• _Activity_: Print out every record exactly as it appears.

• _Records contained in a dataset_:
* * * *
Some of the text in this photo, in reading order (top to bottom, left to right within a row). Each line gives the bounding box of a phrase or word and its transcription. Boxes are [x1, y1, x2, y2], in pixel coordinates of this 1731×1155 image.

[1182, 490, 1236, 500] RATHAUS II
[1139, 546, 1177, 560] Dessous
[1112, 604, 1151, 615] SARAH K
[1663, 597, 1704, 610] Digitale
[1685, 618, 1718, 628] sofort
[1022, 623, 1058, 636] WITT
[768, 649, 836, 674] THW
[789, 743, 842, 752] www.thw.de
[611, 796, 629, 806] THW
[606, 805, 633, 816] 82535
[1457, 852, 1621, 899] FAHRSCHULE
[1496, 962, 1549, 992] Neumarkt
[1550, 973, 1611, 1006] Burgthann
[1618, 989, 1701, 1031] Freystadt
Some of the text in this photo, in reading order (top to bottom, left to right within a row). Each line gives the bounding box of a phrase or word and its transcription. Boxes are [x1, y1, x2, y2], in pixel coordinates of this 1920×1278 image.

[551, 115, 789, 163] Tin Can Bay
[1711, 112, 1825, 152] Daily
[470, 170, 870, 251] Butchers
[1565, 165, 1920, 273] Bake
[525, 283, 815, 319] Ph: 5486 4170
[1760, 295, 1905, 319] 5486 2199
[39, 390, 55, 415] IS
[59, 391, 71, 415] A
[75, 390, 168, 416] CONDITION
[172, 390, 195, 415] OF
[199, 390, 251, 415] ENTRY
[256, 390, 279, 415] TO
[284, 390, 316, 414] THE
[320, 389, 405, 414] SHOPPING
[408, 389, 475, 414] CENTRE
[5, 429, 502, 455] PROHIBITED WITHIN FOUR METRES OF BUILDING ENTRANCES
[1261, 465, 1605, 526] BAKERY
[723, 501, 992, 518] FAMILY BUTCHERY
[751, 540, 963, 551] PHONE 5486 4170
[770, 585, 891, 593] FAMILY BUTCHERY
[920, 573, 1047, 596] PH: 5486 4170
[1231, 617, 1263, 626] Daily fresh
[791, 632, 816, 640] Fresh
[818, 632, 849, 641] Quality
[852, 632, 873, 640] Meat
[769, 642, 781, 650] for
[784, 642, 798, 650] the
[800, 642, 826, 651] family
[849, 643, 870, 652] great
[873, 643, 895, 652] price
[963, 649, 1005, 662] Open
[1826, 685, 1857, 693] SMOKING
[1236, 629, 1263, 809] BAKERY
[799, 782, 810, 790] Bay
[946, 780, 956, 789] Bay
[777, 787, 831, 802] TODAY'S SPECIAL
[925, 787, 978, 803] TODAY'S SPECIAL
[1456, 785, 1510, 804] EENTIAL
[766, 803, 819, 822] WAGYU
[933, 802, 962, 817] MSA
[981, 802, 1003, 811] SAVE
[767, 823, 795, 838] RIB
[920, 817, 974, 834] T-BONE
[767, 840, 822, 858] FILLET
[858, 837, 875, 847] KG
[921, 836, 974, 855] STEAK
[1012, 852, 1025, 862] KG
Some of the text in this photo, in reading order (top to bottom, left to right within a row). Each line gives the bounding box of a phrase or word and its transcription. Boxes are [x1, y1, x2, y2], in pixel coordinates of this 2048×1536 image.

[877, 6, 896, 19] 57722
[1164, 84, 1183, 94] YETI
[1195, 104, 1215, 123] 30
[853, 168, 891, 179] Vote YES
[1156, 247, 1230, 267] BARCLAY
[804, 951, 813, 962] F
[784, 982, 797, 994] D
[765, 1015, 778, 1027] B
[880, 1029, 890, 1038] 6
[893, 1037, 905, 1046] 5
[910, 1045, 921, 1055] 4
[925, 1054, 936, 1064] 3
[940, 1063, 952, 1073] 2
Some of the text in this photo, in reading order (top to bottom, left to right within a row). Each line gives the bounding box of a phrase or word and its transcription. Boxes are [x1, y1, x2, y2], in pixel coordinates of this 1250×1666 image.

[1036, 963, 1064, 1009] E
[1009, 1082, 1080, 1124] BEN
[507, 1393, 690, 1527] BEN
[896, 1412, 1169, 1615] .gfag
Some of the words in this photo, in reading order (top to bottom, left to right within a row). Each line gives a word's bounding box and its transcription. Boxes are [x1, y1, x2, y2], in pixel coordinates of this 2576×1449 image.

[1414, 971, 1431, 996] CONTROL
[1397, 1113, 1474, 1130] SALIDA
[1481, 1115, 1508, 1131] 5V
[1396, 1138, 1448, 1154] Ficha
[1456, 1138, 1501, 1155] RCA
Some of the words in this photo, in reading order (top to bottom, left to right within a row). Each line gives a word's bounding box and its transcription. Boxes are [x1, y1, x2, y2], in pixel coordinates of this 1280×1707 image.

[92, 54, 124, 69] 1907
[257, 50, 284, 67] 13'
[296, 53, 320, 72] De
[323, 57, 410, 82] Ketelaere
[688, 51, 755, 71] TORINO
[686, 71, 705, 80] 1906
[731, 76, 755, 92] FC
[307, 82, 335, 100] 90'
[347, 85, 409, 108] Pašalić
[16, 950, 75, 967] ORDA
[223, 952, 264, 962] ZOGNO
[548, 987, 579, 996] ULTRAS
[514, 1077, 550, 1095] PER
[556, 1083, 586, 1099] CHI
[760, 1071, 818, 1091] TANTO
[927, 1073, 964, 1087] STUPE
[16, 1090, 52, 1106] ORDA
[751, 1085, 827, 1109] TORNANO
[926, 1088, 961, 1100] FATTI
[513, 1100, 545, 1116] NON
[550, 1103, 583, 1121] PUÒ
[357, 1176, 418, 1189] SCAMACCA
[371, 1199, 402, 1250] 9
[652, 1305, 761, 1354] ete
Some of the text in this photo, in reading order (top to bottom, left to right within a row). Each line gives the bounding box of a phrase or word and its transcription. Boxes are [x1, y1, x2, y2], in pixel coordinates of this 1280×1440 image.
* * * *
• _Response to the task_:
Some of the text in this photo, in reading order (top to bottom, left to right within a row). Each line gives the bounding box of a phrase or word and its transcription. Boxes are [x1, y1, x2, y2], in pixel coordinates of this 1731×1155 image.

[1182, 490, 1236, 500] RATHAUS II
[1139, 546, 1177, 560] Dessous
[1112, 604, 1151, 615] SARAH K
[1663, 597, 1704, 610] Digitale
[1685, 618, 1718, 628] sofort
[1022, 623, 1058, 636] WITT
[768, 649, 836, 674] THW
[789, 743, 842, 752] www.thw.de
[611, 796, 629, 806] THW
[606, 805, 633, 816] 82535
[1457, 852, 1621, 899] FAHRSCHULE
[1496, 962, 1549, 992] Neumarkt
[1550, 973, 1611, 1006] Burgthann
[1618, 989, 1701, 1031] Freystadt
Some of the text in this photo, in reading order (top to bottom, left to right within a row). Each line gives the bounding box of a phrase or word and its transcription. Boxes are [x1, y1, x2, y2], in pixel coordinates of this 1920×1278 image.

[551, 115, 789, 163] Tin Can Bay
[1711, 112, 1825, 152] Daily
[470, 170, 870, 251] Butchers
[1565, 165, 1920, 273] Bake
[525, 283, 815, 319] Ph: 5486 4170
[1760, 295, 1905, 319] 5486 2199
[39, 390, 55, 415] IS
[59, 391, 71, 415] A
[75, 390, 168, 416] CONDITION
[172, 390, 195, 415] OF
[199, 390, 251, 415] ENTRY
[256, 390, 279, 415] TO
[284, 390, 316, 414] THE
[320, 389, 405, 414] SHOPPING
[408, 389, 475, 414] CENTRE
[5, 429, 502, 455] PROHIBITED WITHIN FOUR METRES OF BUILDING ENTRANCES
[1261, 465, 1605, 526] BAKERY
[723, 501, 992, 518] FAMILY BUTCHERY
[751, 540, 963, 551] PHONE 5486 4170
[770, 585, 891, 593] FAMILY BUTCHERY
[920, 573, 1047, 596] PH: 5486 4170
[1231, 617, 1263, 626] Daily fresh
[791, 632, 816, 640] Fresh
[818, 632, 849, 641] Quality
[852, 632, 873, 640] Meat
[769, 642, 781, 650] for
[784, 642, 798, 650] the
[800, 642, 826, 651] family
[849, 643, 870, 652] great
[873, 643, 895, 652] price
[963, 649, 1005, 662] Open
[1826, 685, 1857, 693] SMOKING
[1236, 629, 1263, 809] BAKERY
[799, 782, 810, 790] Bay
[946, 780, 956, 789] Bay
[777, 787, 831, 802] TODAY'S SPECIAL
[925, 787, 978, 803] TODAY'S SPECIAL
[1456, 785, 1510, 804] EENTIAL
[766, 803, 819, 822] WAGYU
[933, 802, 962, 817] MSA
[981, 802, 1003, 811] SAVE
[767, 823, 795, 838] RIB
[920, 817, 974, 834] T-BONE
[767, 840, 822, 858] FILLET
[858, 837, 875, 847] KG
[921, 836, 974, 855] STEAK
[1012, 852, 1025, 862] KG
Some of the text in this photo, in reading order (top to bottom, left to right within a row). Each line gives the bounding box of a phrase or word and its transcription. Boxes are [x1, y1, x2, y2], in pixel coordinates of this 2048×1536 image.

[877, 6, 896, 19] 57722
[1164, 84, 1183, 94] YETI
[1195, 104, 1215, 123] 30
[853, 168, 891, 179] Vote YES
[1156, 247, 1230, 267] BARCLAY
[804, 951, 813, 962] F
[784, 982, 797, 994] D
[765, 1015, 778, 1027] B
[880, 1029, 890, 1038] 6
[893, 1037, 905, 1046] 5
[910, 1045, 921, 1055] 4
[925, 1054, 936, 1064] 3
[940, 1063, 952, 1073] 2
Some of the text in this photo, in reading order (top to bottom, left to right within a row). Each line gives the bounding box of a phrase or word and its transcription. Boxes are [x1, y1, x2, y2], in pixel coordinates of this 1250×1666 image.

[1036, 963, 1064, 1009] E
[1009, 1082, 1080, 1124] BEN
[507, 1393, 690, 1527] BEN
[896, 1412, 1169, 1615] .gfag
Some of the words in this photo, in reading order (top to bottom, left to right within a row). Each line gives a word's bounding box and its transcription. Boxes are [x1, y1, x2, y2], in pixel coordinates of this 2576×1449 image.

[1414, 971, 1431, 996] CONTROL
[1397, 1113, 1474, 1130] SALIDA
[1481, 1115, 1508, 1131] 5V
[1396, 1138, 1448, 1154] Ficha
[1456, 1138, 1501, 1155] RCA
Some of the words in this photo, in reading order (top to bottom, left to right within a row). Each line gives a word's bounding box and its transcription. Boxes are [x1, y1, x2, y2], in pixel coordinates of this 1280×1707 image.

[92, 54, 124, 69] 1907
[257, 50, 284, 67] 13'
[296, 53, 320, 72] De
[323, 57, 410, 82] Ketelaere
[688, 51, 755, 71] TORINO
[686, 71, 705, 80] 1906
[731, 76, 755, 92] FC
[307, 82, 335, 100] 90'
[347, 85, 409, 108] Pašalić
[16, 950, 75, 967] ORDA
[223, 952, 264, 962] ZOGNO
[548, 987, 579, 996] ULTRAS
[514, 1077, 550, 1095] PER
[556, 1083, 586, 1099] CHI
[760, 1071, 818, 1091] TANTO
[927, 1073, 964, 1087] STUPE
[16, 1090, 52, 1106] ORDA
[751, 1085, 827, 1109] TORNANO
[926, 1088, 961, 1100] FATTI
[513, 1100, 545, 1116] NON
[550, 1103, 583, 1121] PUÒ
[357, 1176, 418, 1189] SCAMACCA
[371, 1199, 402, 1250] 9
[652, 1305, 761, 1354] ete
Some of the text in this photo, in reading order (top to bottom, left to right within a row). Each line gives the bounding box of a phrase or word and its transcription. Boxes are [x1, y1, x2, y2], in pixel coordinates of this 1280×1440 image.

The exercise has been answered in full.